Segment Start: GIVEN DATA

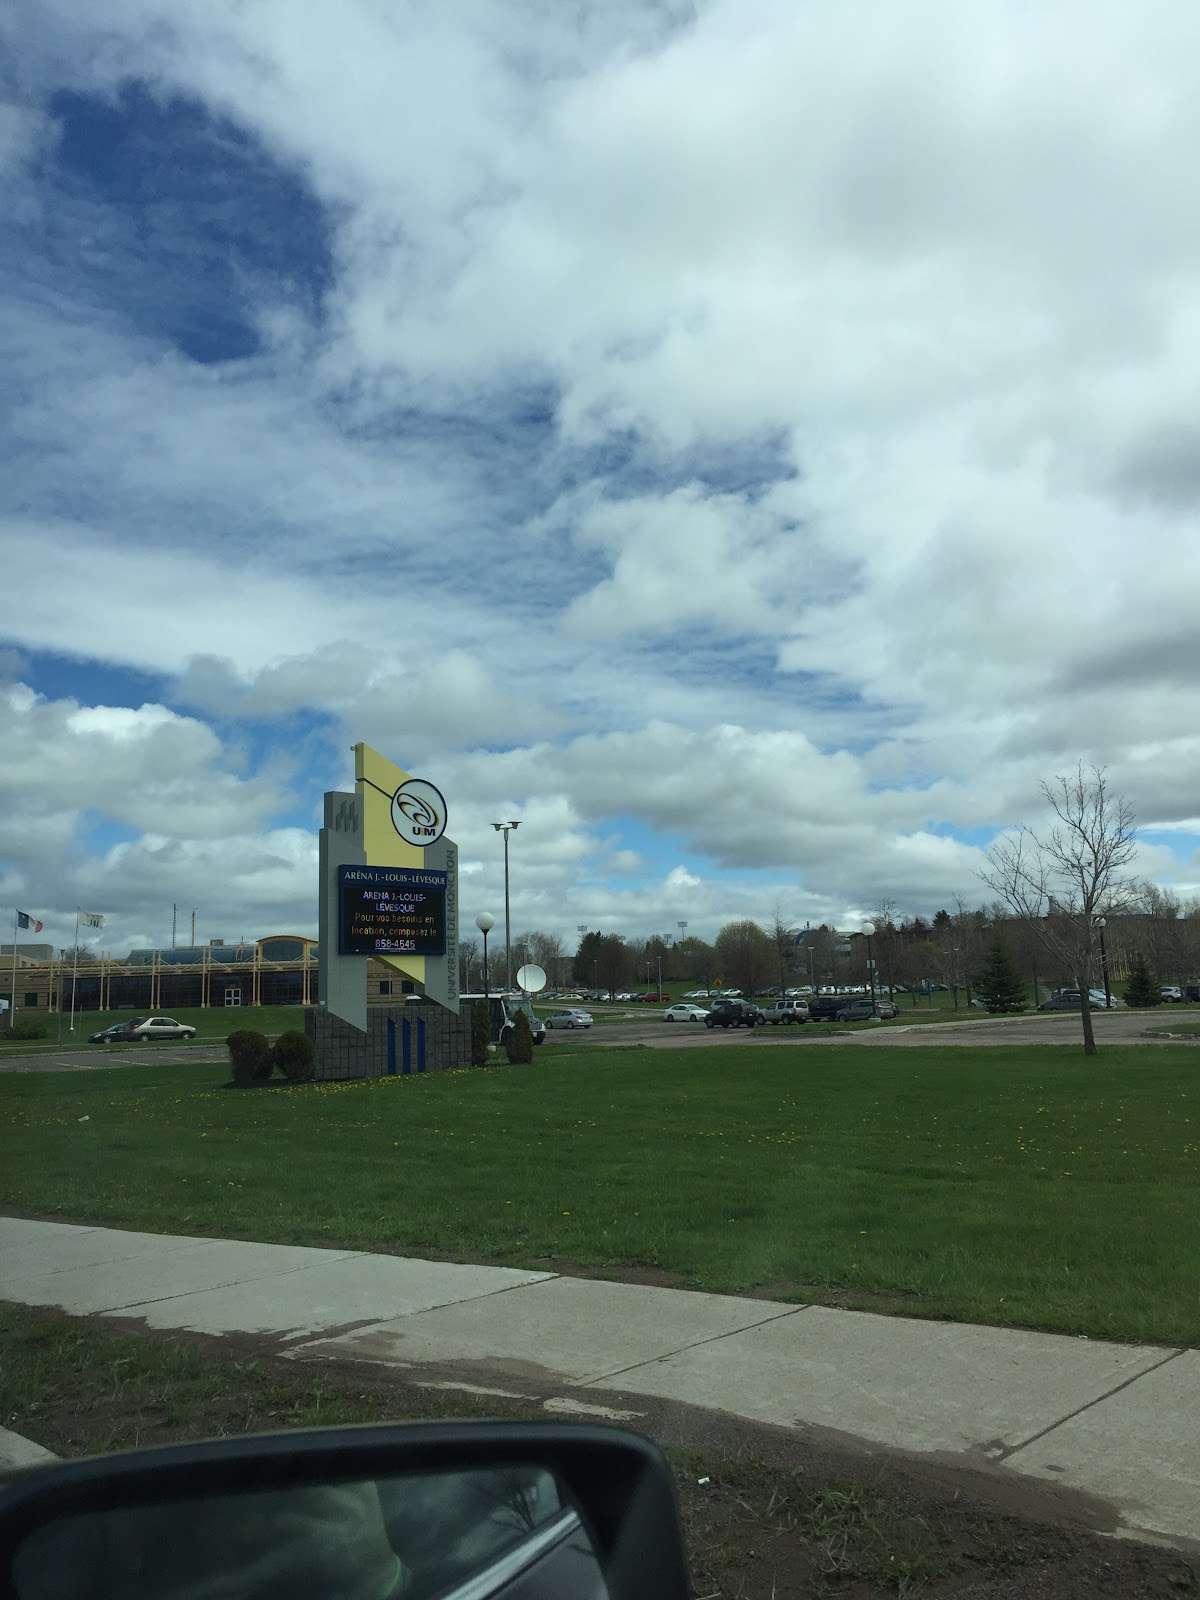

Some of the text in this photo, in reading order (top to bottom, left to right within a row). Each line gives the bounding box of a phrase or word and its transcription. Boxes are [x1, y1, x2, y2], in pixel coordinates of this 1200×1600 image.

[344, 870, 373, 880] ARÉNA
[446, 850, 455, 913] MONCTON
[376, 901, 415, 913] LÉVESQUE
[355, 912, 375, 922] Pour
[392, 913, 422, 923] besoins
[424, 916, 435, 924] en
[447, 915, 456, 930] DE
[351, 926, 387, 937] location,
[389, 928, 428, 938] composez
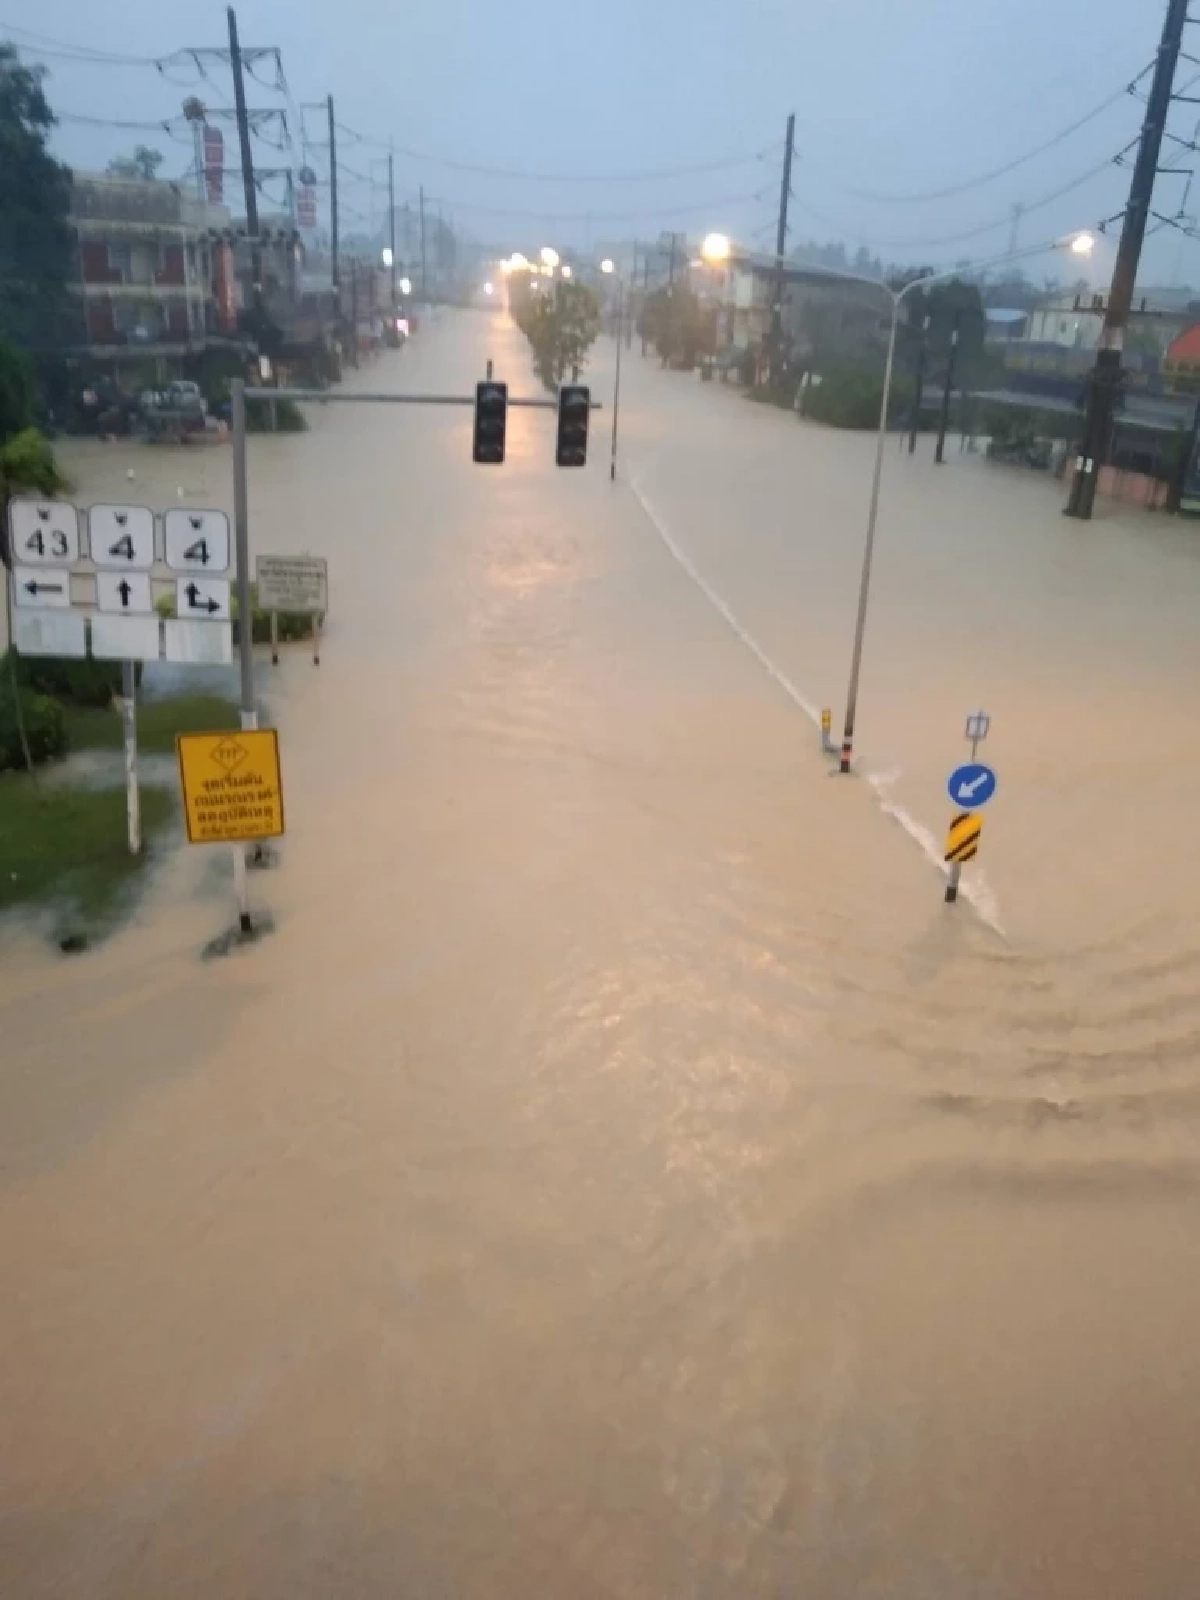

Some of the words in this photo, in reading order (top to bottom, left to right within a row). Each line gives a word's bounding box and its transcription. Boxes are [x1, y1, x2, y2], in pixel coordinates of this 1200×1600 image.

Segment End: GIVEN DATA

▸ YOUR GOAL
Each entry, start to finish, goes into your copy exactly; the pictures stay out.

▸ EXERCISE OUTPUT
Some of the text in this photo, in reading order (top to bottom, left to right within a row). Each line gives the bounding box of a phrase or word and its transcription. Boxes are [x1, y1, x2, y2], in pixel coordinates of this 1200×1600 image.

[344, 870, 373, 880] ARÉNA
[446, 850, 455, 913] MONCTON
[376, 901, 415, 913] LÉVESQUE
[355, 912, 375, 922] Pour
[392, 913, 422, 923] besoins
[424, 916, 435, 924] en
[447, 915, 456, 930] DE
[351, 926, 387, 937] location,
[389, 928, 428, 938] composez

Some of the words in this photo, in reading order (top to bottom, left to right within a row). Each line gives a word's bounding box and its transcription. Boxes are [x1, y1, x2, y2], in pixel coordinates of this 1200×1600 image.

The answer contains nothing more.